Twelve years ago when we moved into this house, a friend gave me some half packets of flower seeds she didn't want any more. I swear every seed came up, and for years I had garden beds full of continually self-seeding cosmos, calendula and love-in-a-mist, due to the generosity of a friend and the universe. The cosmos got a bit jungly after a few years and I pulled it all out, but the calendula and love-in-a-mist comes back faithfully year after year, even though I pull most of it out after flowering. It pops up in the gravel paths, between paving, all through all the garden beds. I can't quite understand why the whole earth isn't carpeted with calendula. I've been picking and drying it for a week now, and I have a jar full of dried sunshine, with no noticeable dent in the number of flowers in the garden. When the children were little I would make an infusion of calendula flowers in my fat blue teapot whenever they had sticky, weepy eyes with a cold. Bathing their eyes with calendula tea always fixed them up right away. It will take a while to organise the other ingredients I want to make my calendula tea, so I am going to use my dried calendula to make an infused oil. I'm hoping it will be helpful for family members with eczema, also I'd like a moisturiser for summer for my ageing skin!
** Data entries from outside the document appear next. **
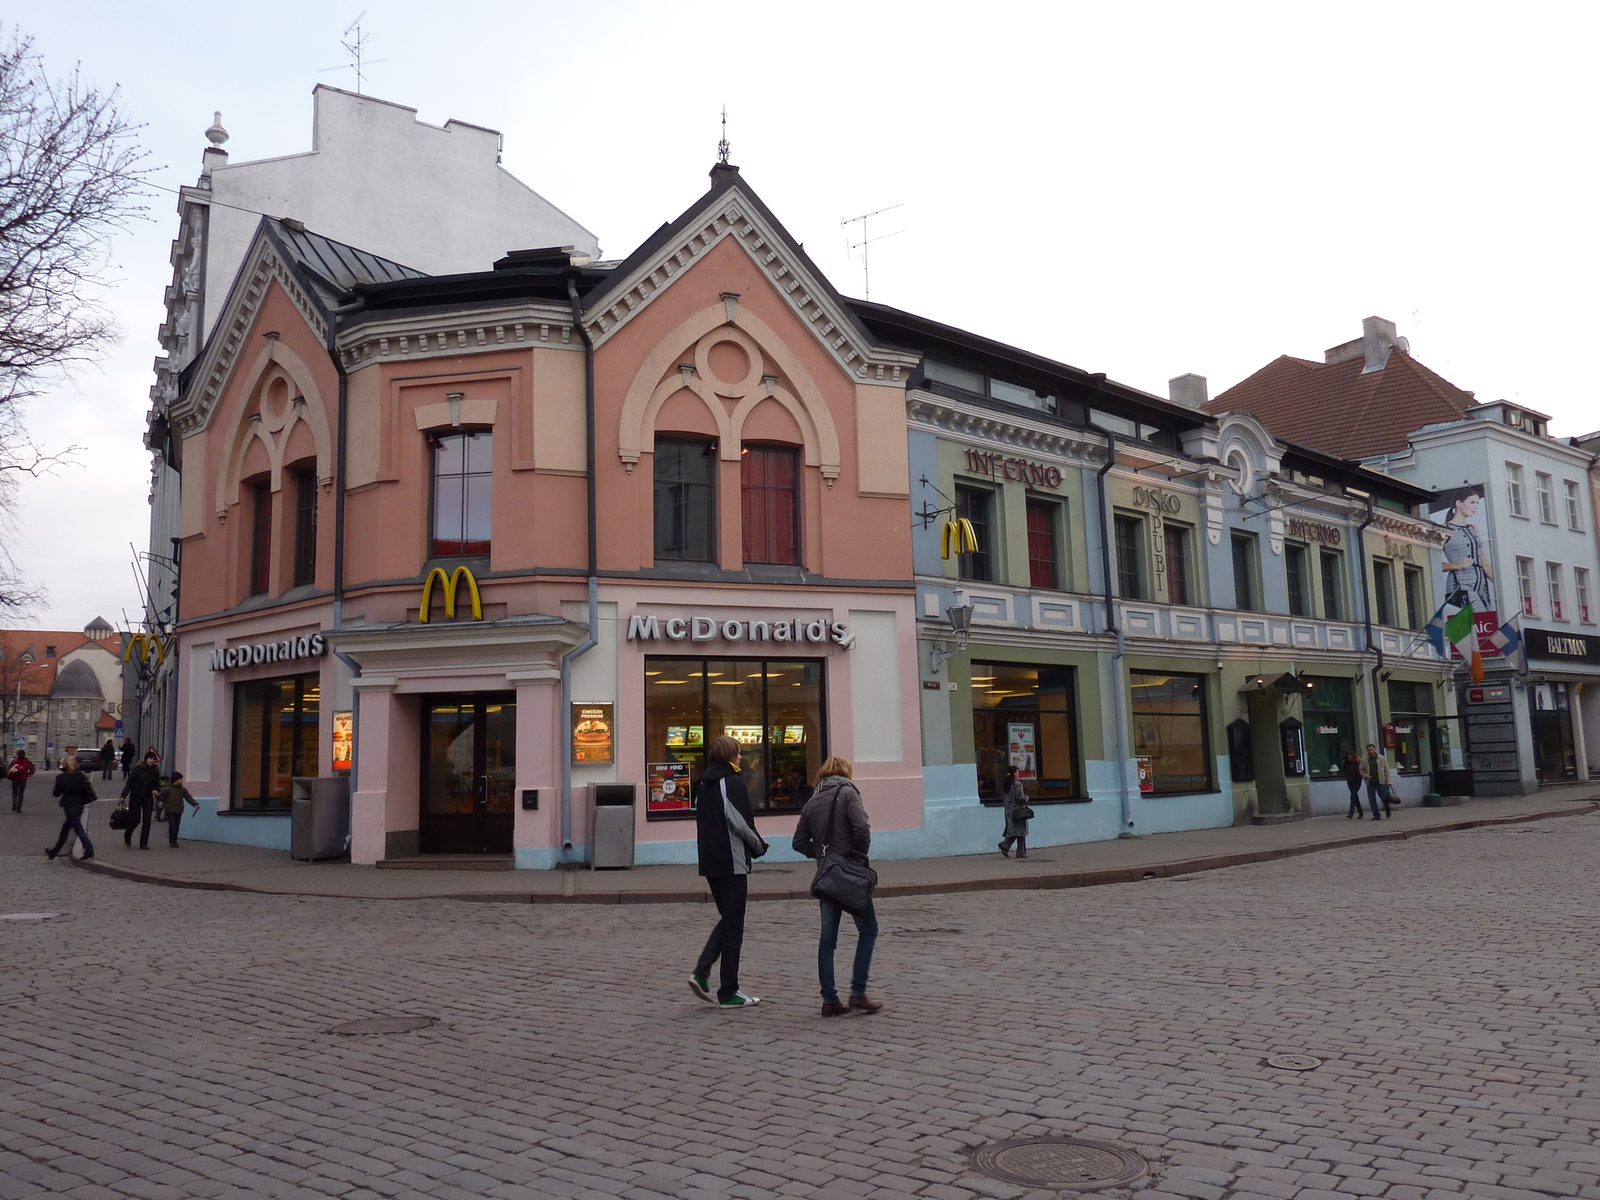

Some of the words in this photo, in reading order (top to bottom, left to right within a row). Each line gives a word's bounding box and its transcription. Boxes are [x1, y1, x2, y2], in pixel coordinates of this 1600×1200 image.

[962, 448, 1061, 492] INFERNO
[1133, 485, 1181, 518] DISKO
[1289, 517, 1341, 548] INFERNO
[1150, 514, 1166, 592] PUBI
[1383, 534, 1416, 566] BAAR
[627, 614, 849, 643] McDonald's
[208, 633, 325, 672] McDonald's
[1546, 636, 1587, 656] BALTMAN
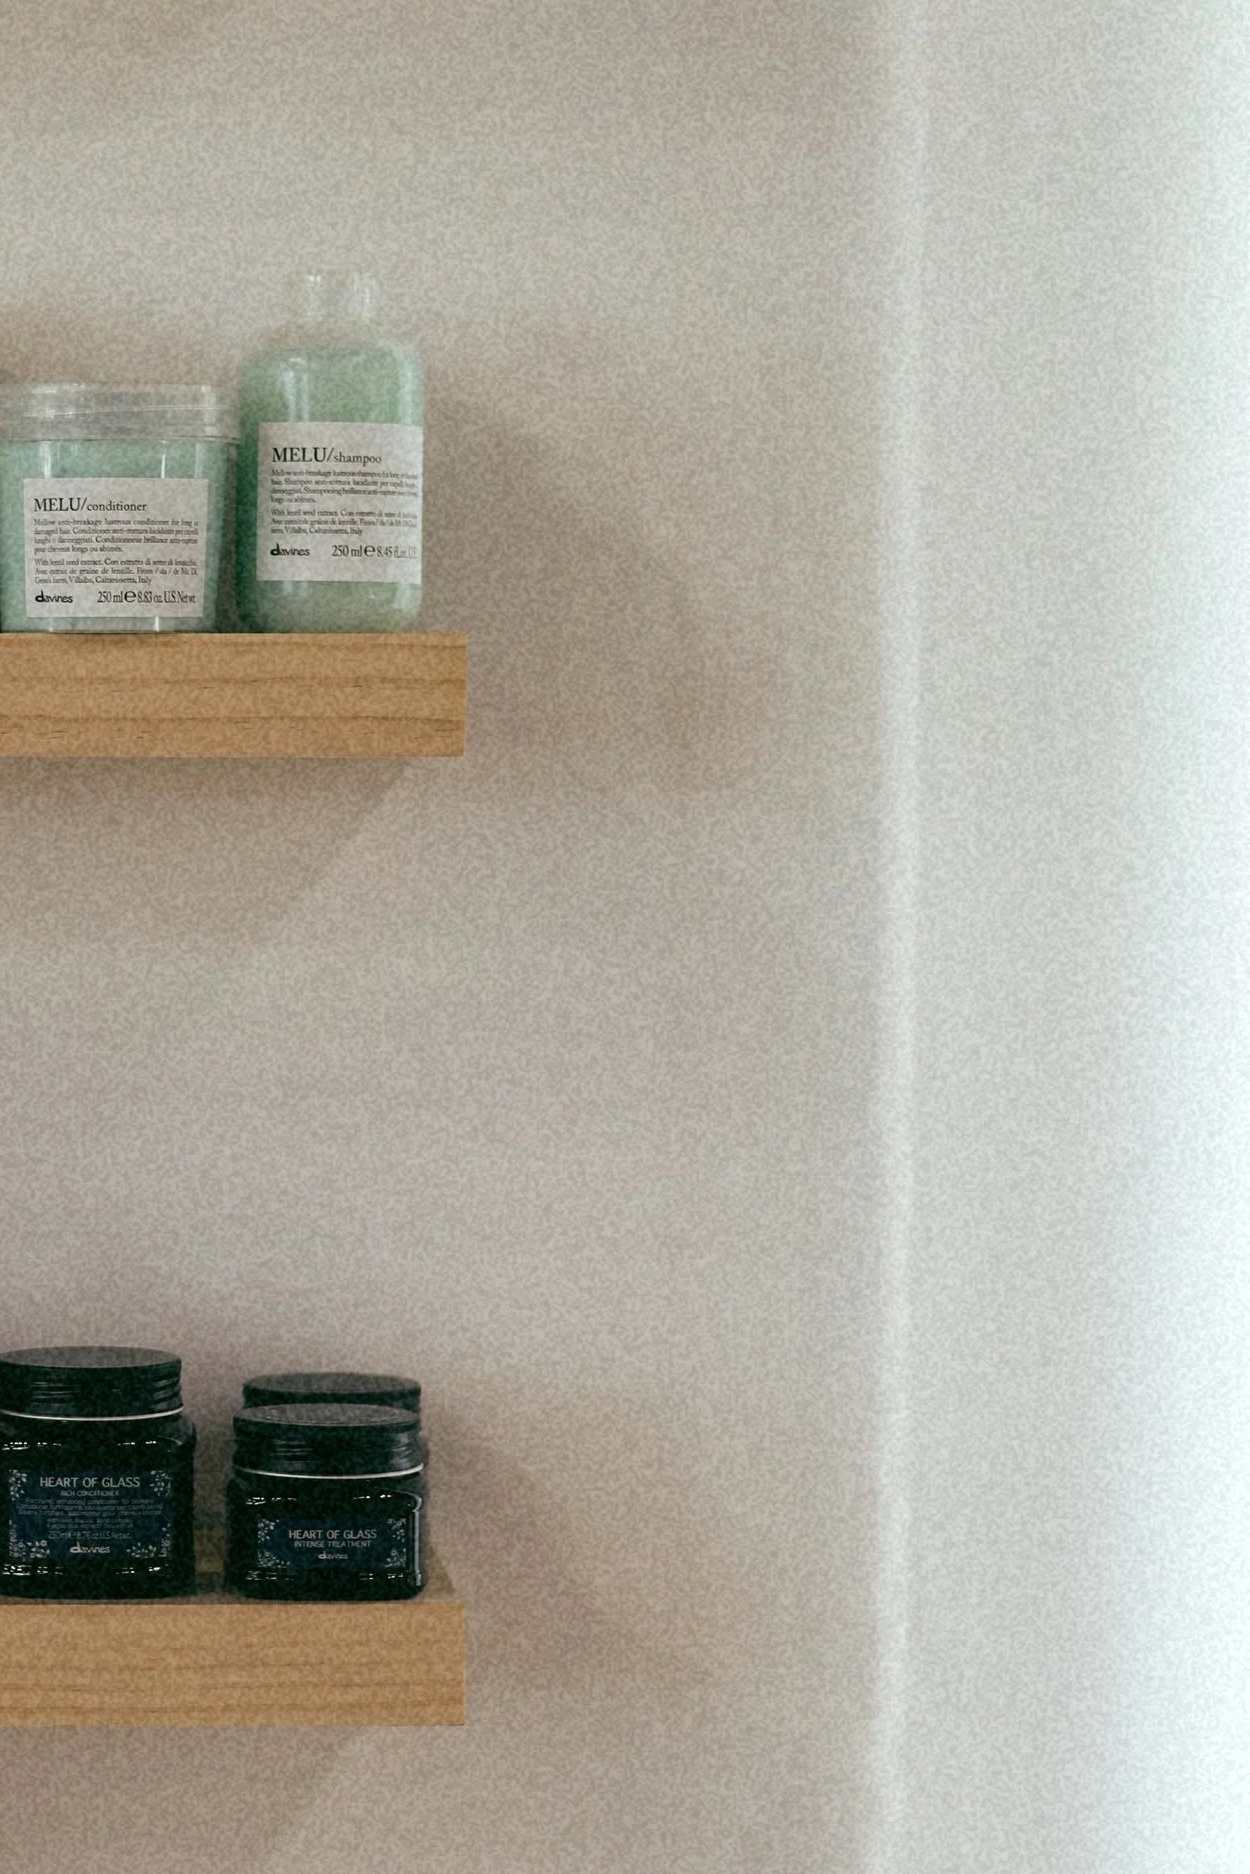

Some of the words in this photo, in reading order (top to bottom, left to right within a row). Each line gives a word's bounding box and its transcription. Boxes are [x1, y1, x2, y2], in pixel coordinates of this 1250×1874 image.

[272, 447, 382, 467] MELU/shampoo
[34, 498, 147, 512] MELU/conditioner
[270, 543, 310, 556] davines
[332, 545, 349, 558] 250
[350, 545, 362, 557] ml
[376, 546, 393, 558] 8.45
[35, 590, 73, 604] davines
[97, 591, 112, 603] 250
[113, 591, 123, 603] ml
[137, 591, 152, 603] 8.83
[40, 1477, 79, 1487] HEART
[82, 1477, 98, 1487] OF
[101, 1477, 141, 1487] GLASS
[288, 1529, 323, 1539] HEART
[326, 1530, 340, 1539] OF
[343, 1529, 377, 1539] GLASS
[69, 1540, 110, 1554] davines
[294, 1540, 325, 1548] INTENSE
[328, 1540, 371, 1548] TREATMENT
The love-in-a-mist turns out to be useful too. I discovered that though it is not nigella sativa (black cumin seed), it is nigella damascena, very similar, and also edible, more nutmeg-like, so I collect the seed and use it in naan bread. It is also the most wonderful Arabian-nights bejewelled slipper-like flower, in every colour of blue imaginable.
I love my self-seeding garden. Pretty and useful. And plants itself.